Biden needs all the air in his tires and a full tank of gas when he pulls that Corvette into the White House driveway in two months, because this country is shot to hell and running on empty.
Trump is sabotaging the transition as the pandemic rages, engaging in midnight maneuvers like ending several emergency lending programs that could buoy the economy and attempting to ravage Alaska’s wildlife refuge.
Republicans remain as mute and frightened of Trump as ever. Mitch McConnell could stop this nonsense with one sentence: “We’re moving on and recognizing Joe Biden as president-elect.” But he refuses to, letting the damage to the country unspool to protect his own standing with the base and to hold onto those two Senate seats in Georgia that make him majority leader.
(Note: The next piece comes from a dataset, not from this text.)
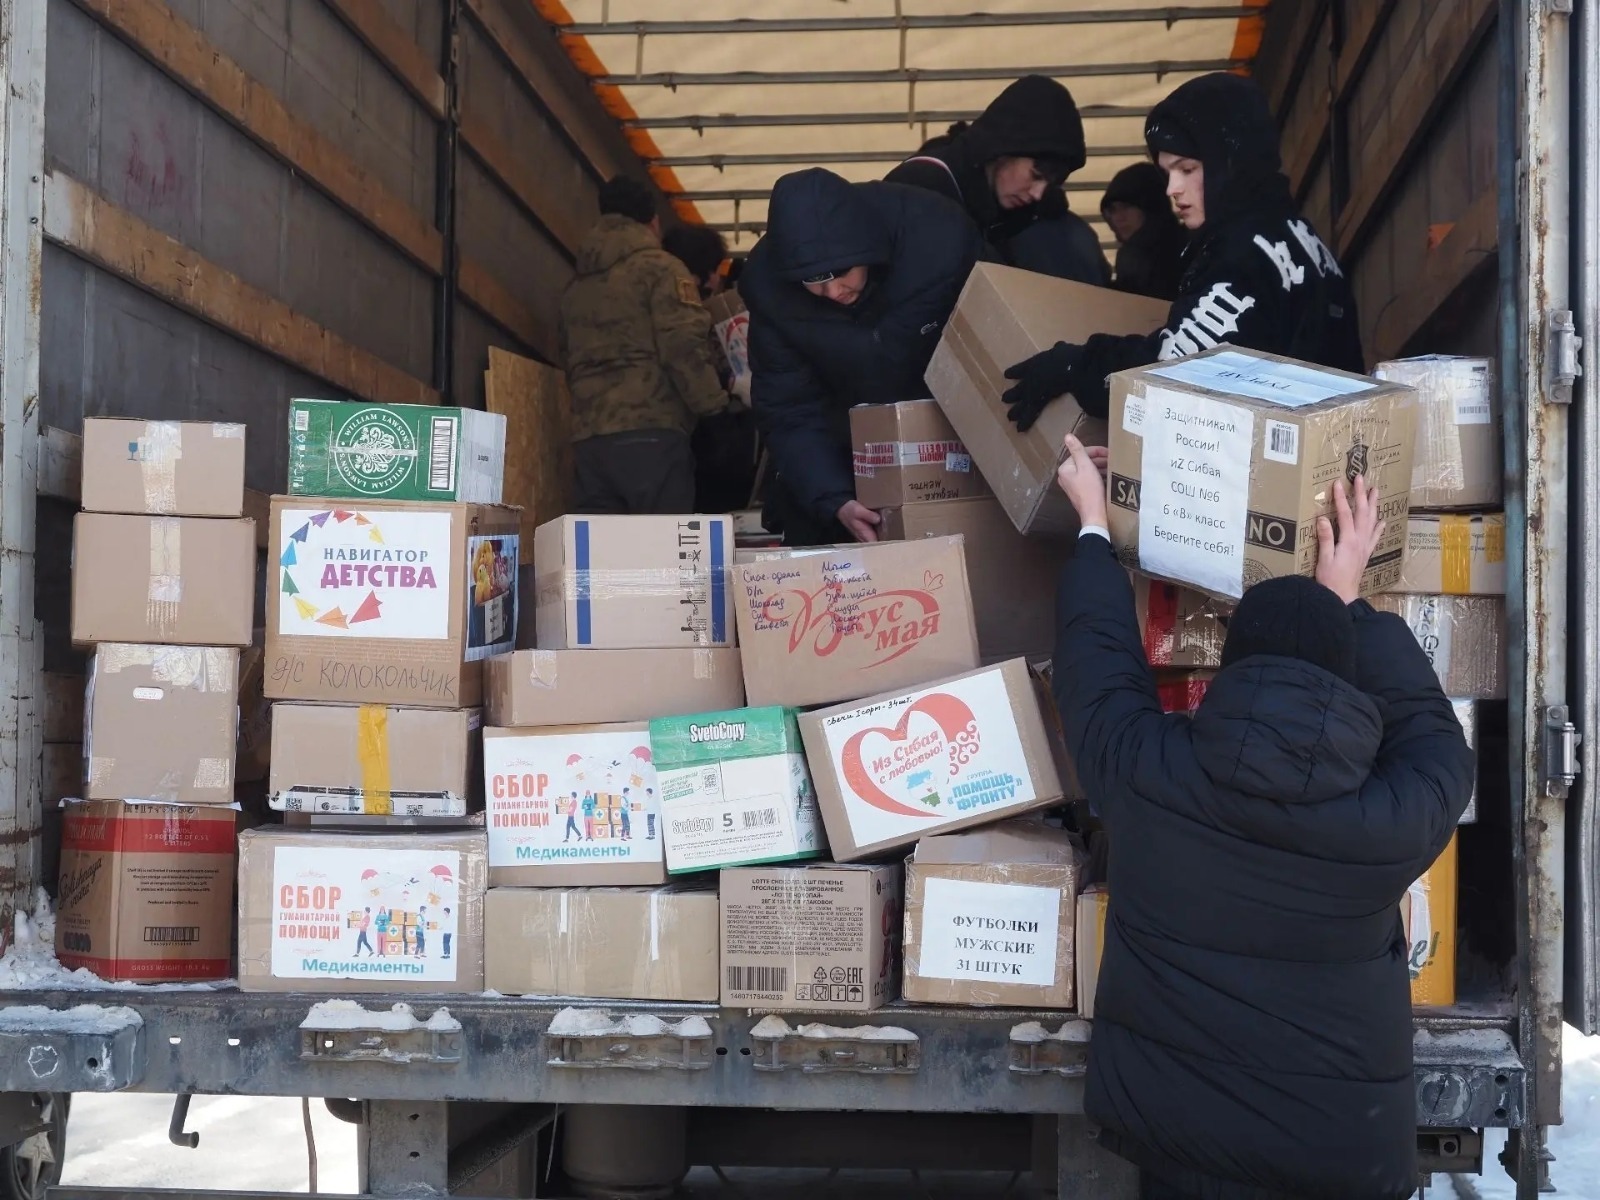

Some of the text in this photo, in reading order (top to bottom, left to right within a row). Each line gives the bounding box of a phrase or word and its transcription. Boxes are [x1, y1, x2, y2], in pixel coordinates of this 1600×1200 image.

It’s outrageous that Congress left town for the holidays this weekend without passing COVID relief. But Republicans, who are already all about setting themselves up for the next election, prefer to put Biden in a bind and later trash him for big spending. Never mind that they’re leaving millions of Americans in the lurch.
After watching unfeeling Republicans, it’s not really an escape to turn on “The Crown” and watch that unfeeling bunch — Margaret Thatcher and the royals.
Peter Morgan, the writer of “The Queen” and creator of “The Crown,” spent a large chunk of his career refurbishing the queen’s reputation after the disastrous period following Diana’s death, when Blair had to beg Queen Elizabeth to show more emotion.
But in this fourth season of “The Crown,” Morgan presents a more brittle queen as the bulimic Diana is crying out for help and the Boss blows her off, feeling Charles and Diana are spoiled, immature and letting the side down.
Diana, perfectly played by Emma Corrin, describes the palace as “a cold, frozen tundra; an icy, dark, loveless cave with no light, no hope anywhere — not even the faintest crack.”
Morgan’s portrayal of Charles is rough as well. The Prince of Wales is too in love with Camilla, too jealous of Diana and too wounded from his upbringing to give his marriage a real chance.
When I covered the visit of Charles and Diana to Washington in 1985, the couple seemed happy. But problems were brewing. An insecure future king was sure to be jealous of a wife who sluiced all the attention away simply by tucking down her chin and flashing a look from under her eyelashes. And it was clear that Diana, who was called “Duch” as a girl because she always acted like a duchess, was learning how to channel her electric star power.
The gala at the Reagan White House — Duch meets Dutch — was a showcase for Diana, shimmering in blue velvet and a pearl choker, not Charles. Nancy Reagan had gathered a pantheon of leading men for the princess: Mikhail Baryshnikov, Clint Eastwood, Tom Selleck and, as a dancing partner when the Marine Band played “Night Fever,” John Travolta.
In “The Art of the Comeback” in 1997, Trump said that his only regret “in the women department” was that he didn’t date Diana after her divorce. He said “she lit up the room with her charm, her presence,” and was “a dream lady.”
Dream on, Donald. Of his wooing, Diana told a friend, “He gives me the creeps.”
Di, we know how you feel.
Maureen Dowd is a Pulitzer Prize-winning Op-Ed columnist for The New York Times.